そもそも「社会人でも博士号が取得できるの?」と疑問に思ってらっしゃる方も多いでしょうが、結論から言いますと可能なのです!

具体的にどういった流れで取得できるのかについてですが、概ね以下の3つの方法があります。

  • 博士(後期)課程に社会人枠で入学し修了する
  • 社会人大学院に入学し修了する
  • 論文を提出することで論文博士の称号を得る

この3つがあります。基本的に、一部を除いて前期課程を修了して修士号を有していれば、博士後期課程(以降“博士課程”で統一)に入学する資格があるとみなされます。
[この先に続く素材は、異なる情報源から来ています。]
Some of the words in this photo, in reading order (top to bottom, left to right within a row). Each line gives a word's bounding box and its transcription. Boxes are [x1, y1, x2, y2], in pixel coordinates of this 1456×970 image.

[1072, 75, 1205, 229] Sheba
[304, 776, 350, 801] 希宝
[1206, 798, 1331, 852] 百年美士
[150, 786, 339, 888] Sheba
修士と博士の違いについて詳しくは以下の記事をどうぞ!
学士と修士と博士の違い!就職関係でも超大事になる?

これらの事柄については、文部科学省の「博士課程(後期)の入学資格について」というページで記載されています。

特に年齢制限も設けられていないのが大きな特徴です。そのため博士課程に進学すると、教授よりも年上の人が在籍していたりします(;^^

■社会人で博士号を取得する人は多い?

一般的に馴染みがないように思える社会人の博士号取得ですが、実は年々増えているようです。

僕が大学院に通っていた頃も、普通に年配の人がいて驚いた記憶があります。


科学技術・学術政策研究所 (NISTEP)という機関の調査によりますと、過去30年間で博士課程に進学者している人の数は、2003年をピークに減少しています。
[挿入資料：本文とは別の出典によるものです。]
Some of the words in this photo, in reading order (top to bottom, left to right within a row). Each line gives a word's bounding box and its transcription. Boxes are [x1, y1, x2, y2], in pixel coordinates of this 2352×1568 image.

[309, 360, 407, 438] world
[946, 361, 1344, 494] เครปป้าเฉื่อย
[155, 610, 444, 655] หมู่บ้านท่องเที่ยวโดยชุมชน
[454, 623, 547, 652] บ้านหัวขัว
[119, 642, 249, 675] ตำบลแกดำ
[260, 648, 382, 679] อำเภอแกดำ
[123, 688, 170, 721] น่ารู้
一方で同じ2003年頃から社会人の入学者数は増加傾向にあって、2015年時点では約38%と2003年に比べて16%も増えたのです。

社会人になって、勉学の大切さが身に染みて分かる人、さらに将来を見据えてもっと上位の学位を取得したいという熱意を抱いた人が増えてくるのでしょう。


因みに海外や国際関係の場では博士号を持った実務家も多く、決して研究者だけに限った話ではありません。

グローバル化が進んでいくと、博士号を取得している優秀な外国人が日本にも入ってきます。

そうなった時にやはり博士号を持っているというのは、大きな強みになるでしょう。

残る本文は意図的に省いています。